┌──
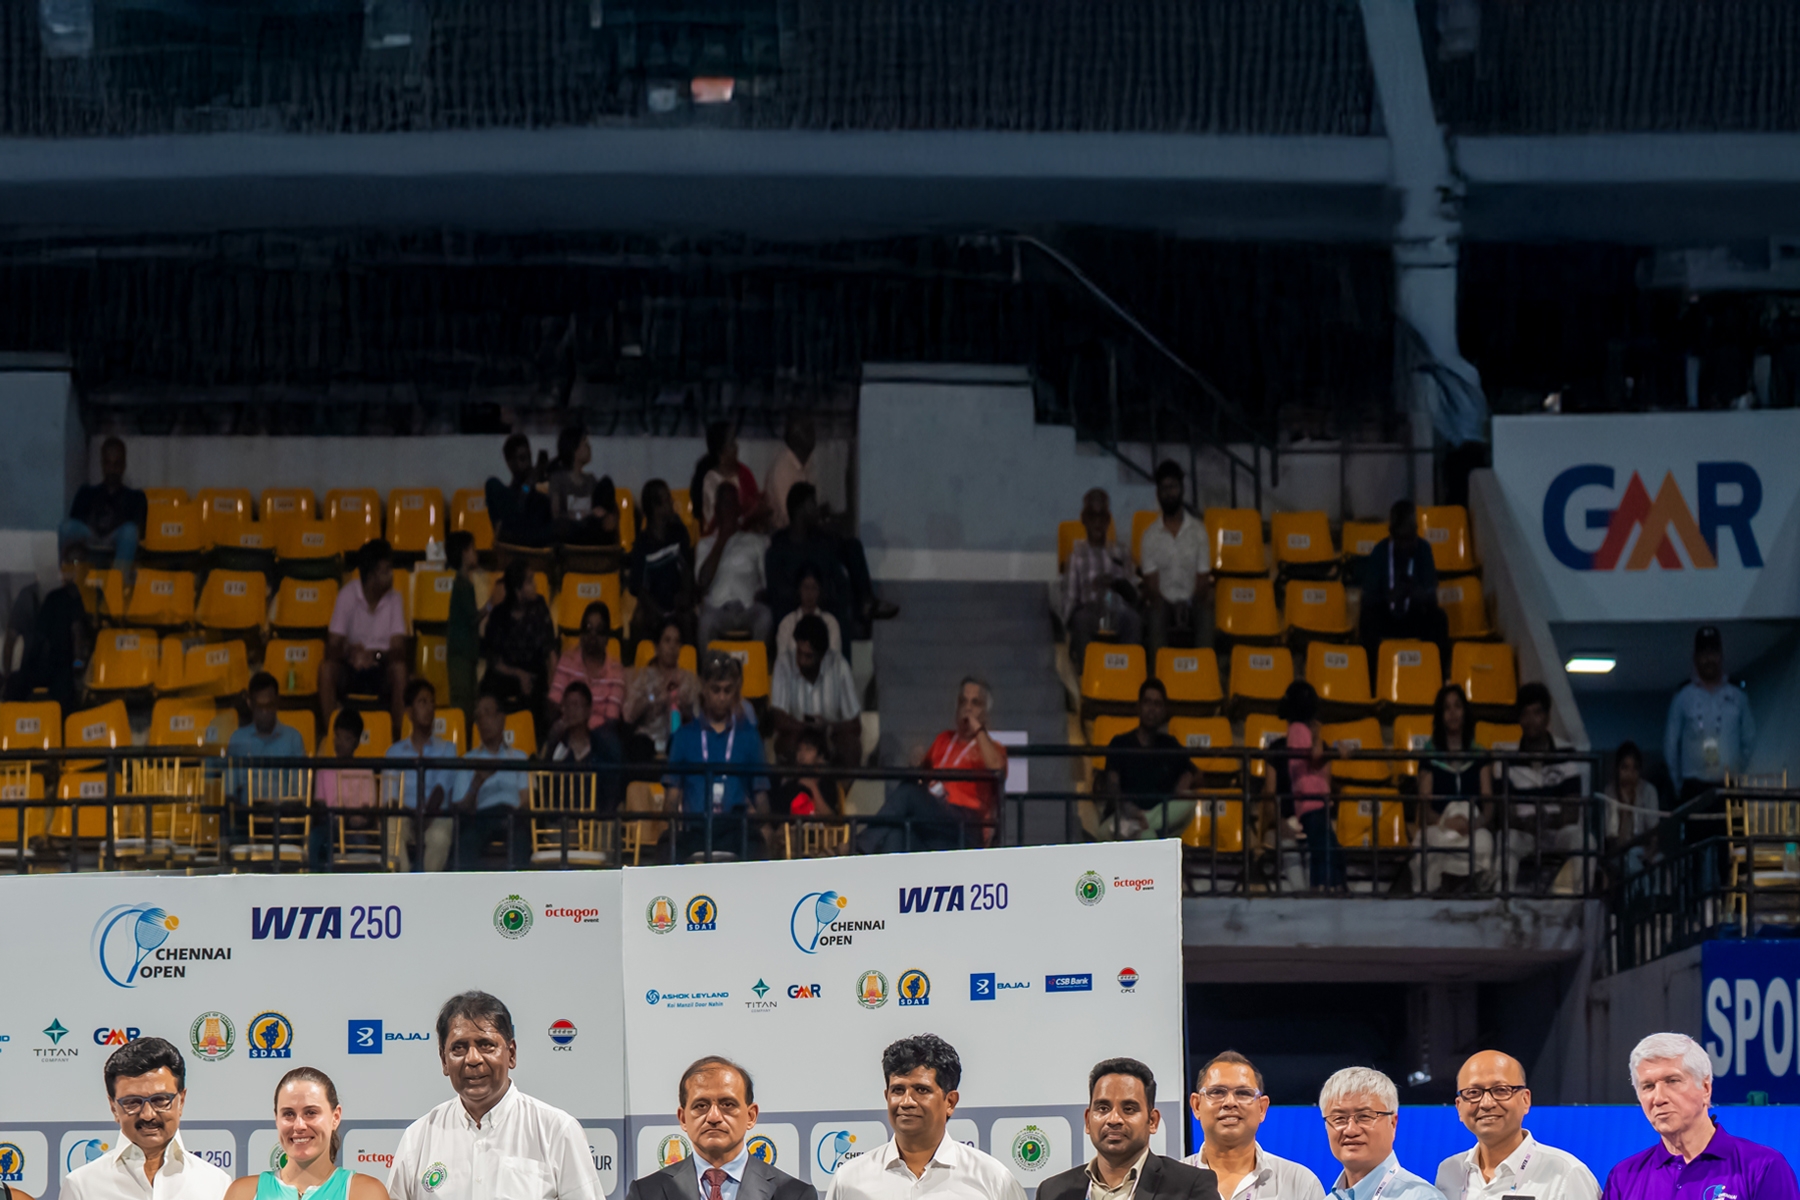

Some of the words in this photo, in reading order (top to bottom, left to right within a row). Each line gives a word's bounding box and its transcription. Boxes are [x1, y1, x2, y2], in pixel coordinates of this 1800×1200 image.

[1543, 462, 1764, 571] GMR
[1114, 878, 1154, 892] octagon
[899, 885, 964, 914] WTA
[970, 883, 1008, 911] 250
[251, 906, 342, 940] WTA
[350, 905, 402, 939] 250
[546, 907, 598, 924] octagon
[830, 920, 885, 932] CHENNAI
[820, 935, 852, 946] OPEN
[156, 948, 232, 961] CHENNAI
[140, 966, 186, 978] OPEN
[1056, 978, 1069, 986] CSB
[1070, 976, 1089, 986] Bank
[788, 984, 821, 999] GMR
[1706, 977, 1800, 1077] SPO
[93, 1026, 141, 1046] GMR
[385, 1032, 430, 1041] BAJAJ
[33, 1048, 78, 1056] TITAN
[252, 1050, 286, 1058] SDAT
[358, 1154, 394, 1168] octag
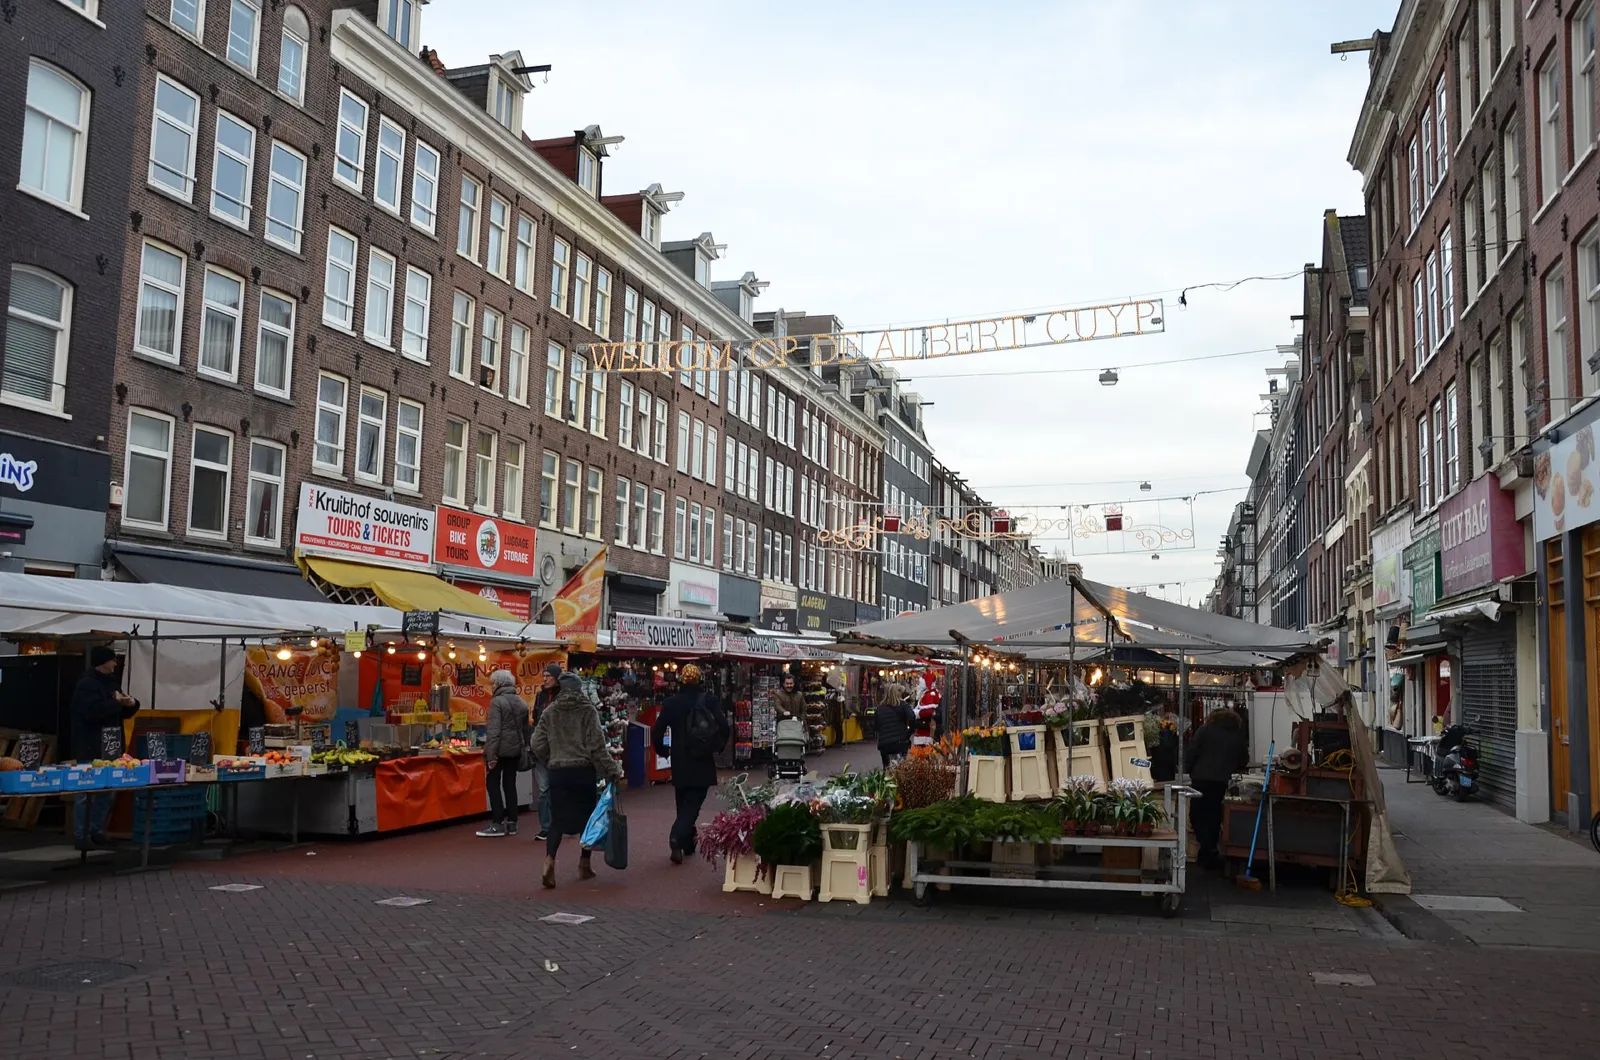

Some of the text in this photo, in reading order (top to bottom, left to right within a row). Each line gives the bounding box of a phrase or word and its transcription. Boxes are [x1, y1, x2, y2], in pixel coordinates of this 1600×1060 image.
└──
▶ _What the exercise asks_
Please set down the data above exactly as given, leaving every picture out.

▶ _Response area_
Some of the words in this photo, in reading order (top to bottom, left to right within a row). Each line gives a word's bounding box and its transcription. Boxes are [x1, y1, x2, y2], in pixel coordinates of this 1800×1200 image.

[1543, 462, 1764, 571] GMR
[1114, 878, 1154, 892] octagon
[899, 885, 964, 914] WTA
[970, 883, 1008, 911] 250
[251, 906, 342, 940] WTA
[350, 905, 402, 939] 250
[546, 907, 598, 924] octagon
[830, 920, 885, 932] CHENNAI
[820, 935, 852, 946] OPEN
[156, 948, 232, 961] CHENNAI
[140, 966, 186, 978] OPEN
[1056, 978, 1069, 986] CSB
[1070, 976, 1089, 986] Bank
[788, 984, 821, 999] GMR
[1706, 977, 1800, 1077] SPO
[93, 1026, 141, 1046] GMR
[385, 1032, 430, 1041] BAJAJ
[33, 1048, 78, 1056] TITAN
[252, 1050, 286, 1058] SDAT
[358, 1154, 394, 1168] octag

Some of the text in this photo, in reading order (top to bottom, left to right within a row). Each line gives the bounding box of a phrase or word and its transcription. Boxes are [x1, y1, x2, y2], in pixel coordinates of this 1600×1060 image.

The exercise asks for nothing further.